Après l’avoir suivie pendant «quelques jours», Marco Sarnataro aurait «reçu l’ordre» du patron de la bande de la Magliana de «la faire monter dans une berline BMW sur la Piazza Risorgimento à un arrêt de bus». D’autres témoignages plus anciens mais pas tous concordants ont évoqué la présence d’une berline à cet endroit, situé au pied des murailles du Vatican, le jour de l’événement. Emanuela Orlandi, aurait déclaré le fils à son père, serait montée «sans problème». 
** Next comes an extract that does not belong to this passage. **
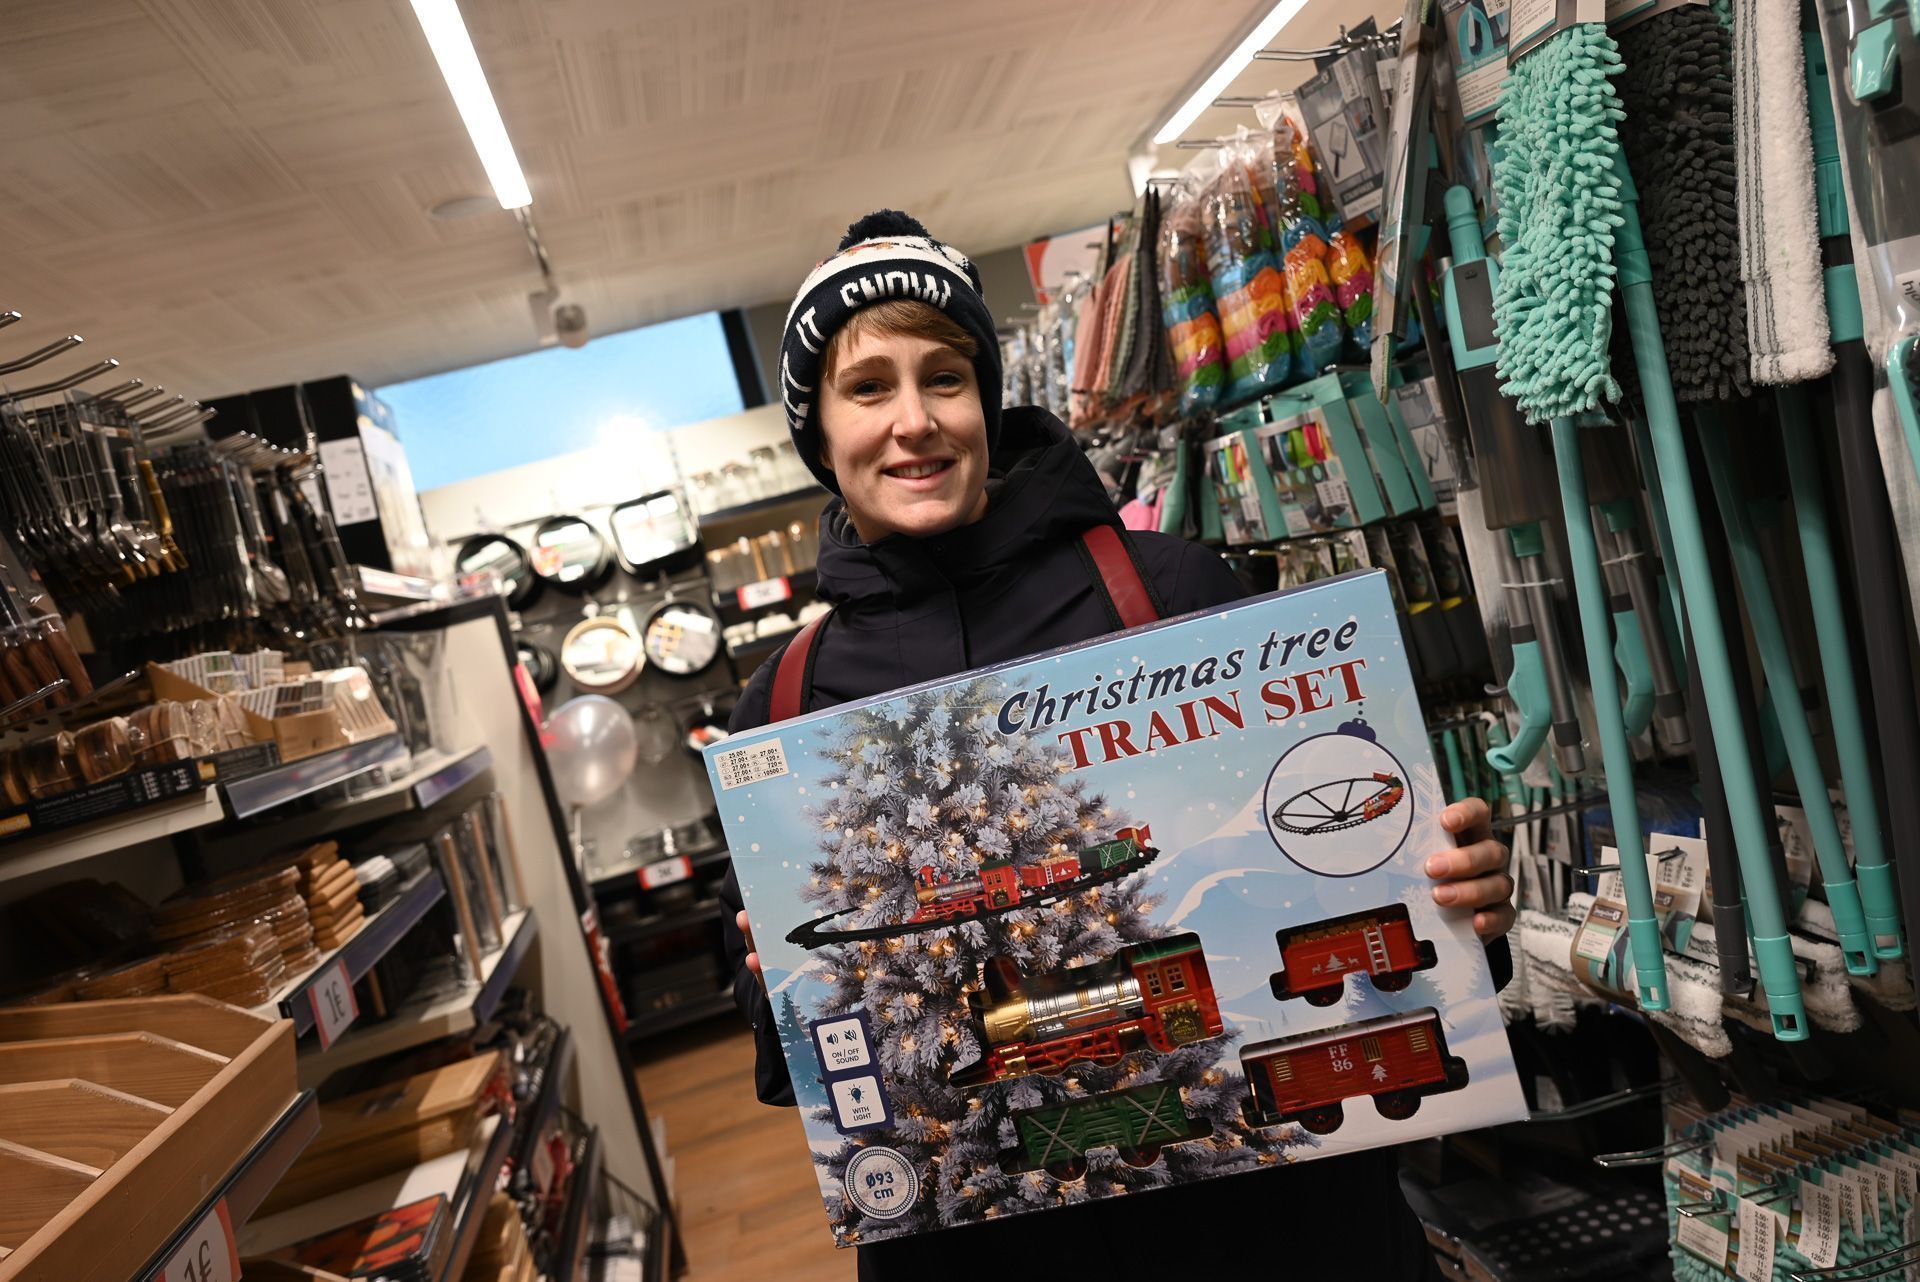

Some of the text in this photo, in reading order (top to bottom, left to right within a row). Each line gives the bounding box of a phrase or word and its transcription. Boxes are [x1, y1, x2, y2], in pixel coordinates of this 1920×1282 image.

Les malfrats l’auraient ensuite emmenée au «petit lac de l’EUR», soit dans un parc situé dans de ce quartier du sud de la capitale, où un certain «Sergio» [probablement Sergio Virtù, ndlr], le «chauffeur et l’homme de confiance de De Pedis», les attendait pour récupérer la fille et la voiture. En récompense, Marco Sarnataro aurait reçu de la part du criminel une «moto Suzuki 1100». Le témoignage s’arrête là.

Un témoignage concordant d’amis de la victime

La piste menant à Marco Sarnataro, décédé en 2007 à l’âge de 46 ans, est liée à son identification quelques jours avant la confession de Salvatore Sarnataro par deux anciens amis d’Emanuela Orlandi. Un procès verbal là encore inédit a été publié par La Repubblica le 7 août 2022. Ces derniers se seraient fait présenter 18 portraits de criminels romains par la police, dont celui de Marco Sarnataro, qu’ils ont alors formellement reconnu. 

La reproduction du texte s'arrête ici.